# Exercise aim:
Without the images, write out all of the following entries exactly.

# Exercise materials:
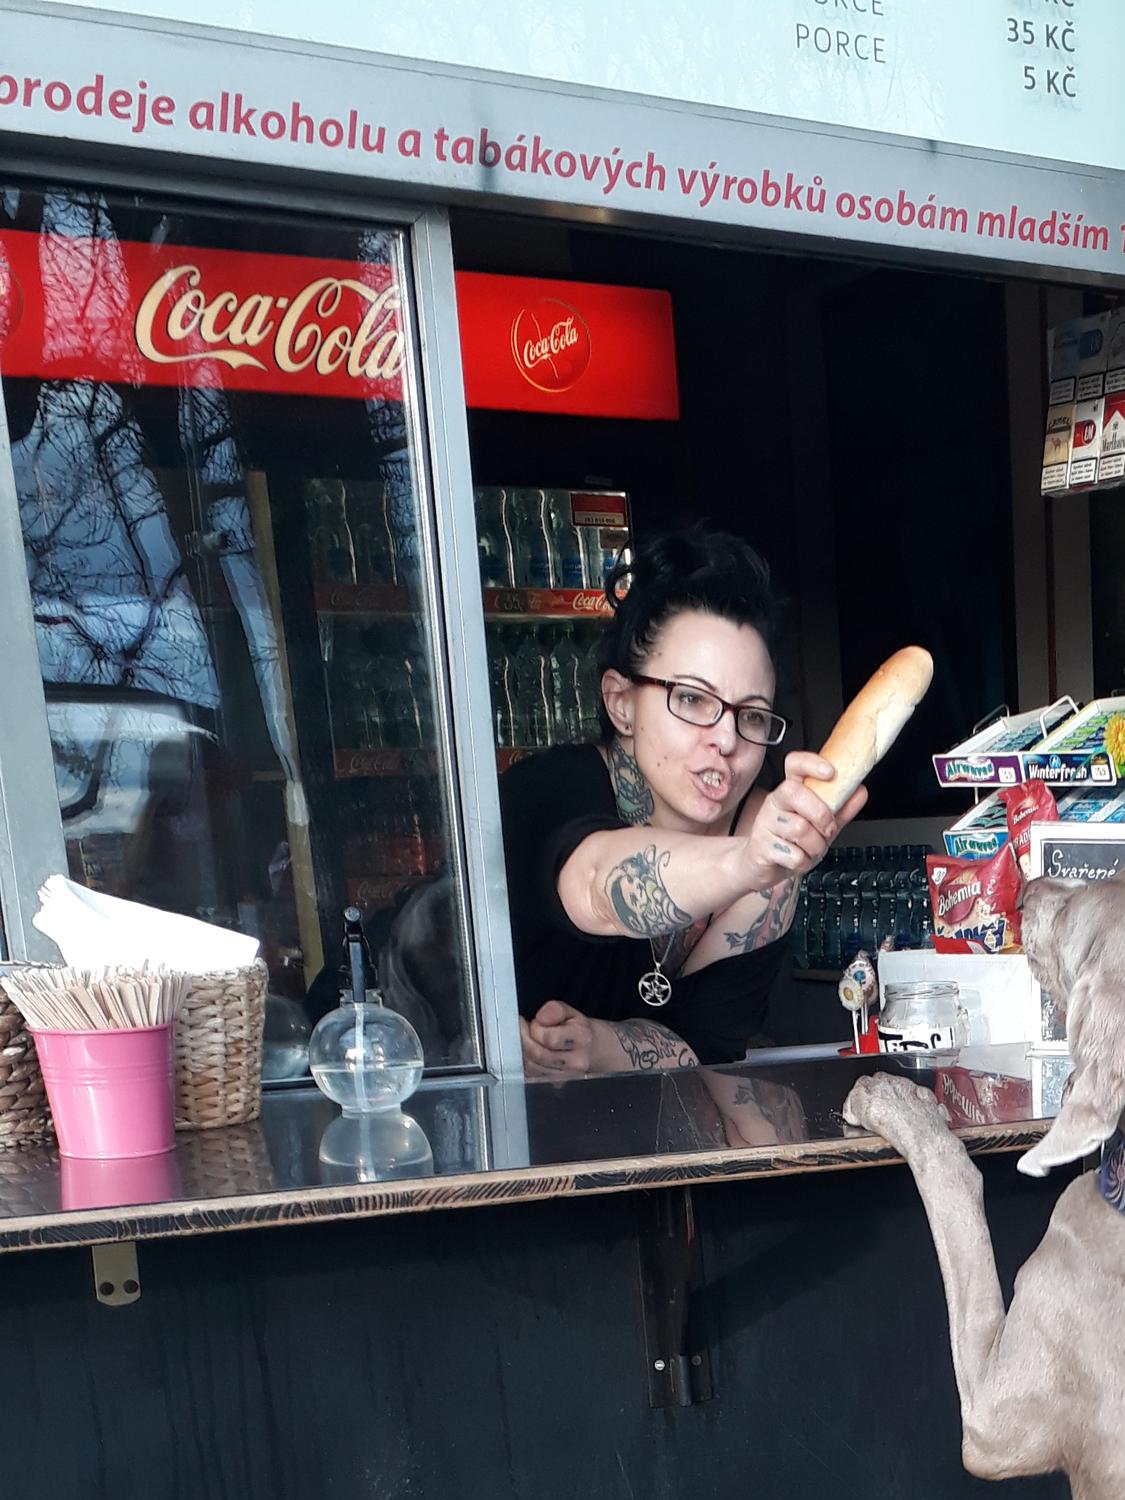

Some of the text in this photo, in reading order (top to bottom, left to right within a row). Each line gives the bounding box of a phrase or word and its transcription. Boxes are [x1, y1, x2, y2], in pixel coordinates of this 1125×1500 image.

[795, 23, 886, 64] PORCE
[1006, 17, 1076, 53] 35 KČ
[1023, 65, 1077, 98] 5 KČ
[188, 91, 386, 153] alkoholu
[398, 129, 422, 158] a
[434, 127, 666, 195] tabákových
[677, 161, 825, 214] výrobků
[836, 189, 967, 233] osobám
[977, 205, 1109, 251] mladším
[1047, 849, 1120, 880] Svařené
[938, 880, 982, 917] Bohemia

# Response below:
Some of the text in this photo, in reading order (top to bottom, left to right within a row). Each line gives the bounding box of a phrase or word and its transcription. Boxes are [x1, y1, x2, y2], in pixel coordinates of this 1125×1500 image.

[795, 23, 886, 64] PORCE
[1006, 17, 1076, 53] 35 KČ
[1023, 65, 1077, 98] 5 KČ
[188, 91, 386, 153] alkoholu
[398, 129, 422, 158] a
[434, 127, 666, 195] tabákových
[677, 161, 825, 214] výrobků
[836, 189, 967, 233] osobám
[977, 205, 1109, 251] mladším
[1047, 849, 1120, 880] Svařené
[938, 880, 982, 917] Bohemia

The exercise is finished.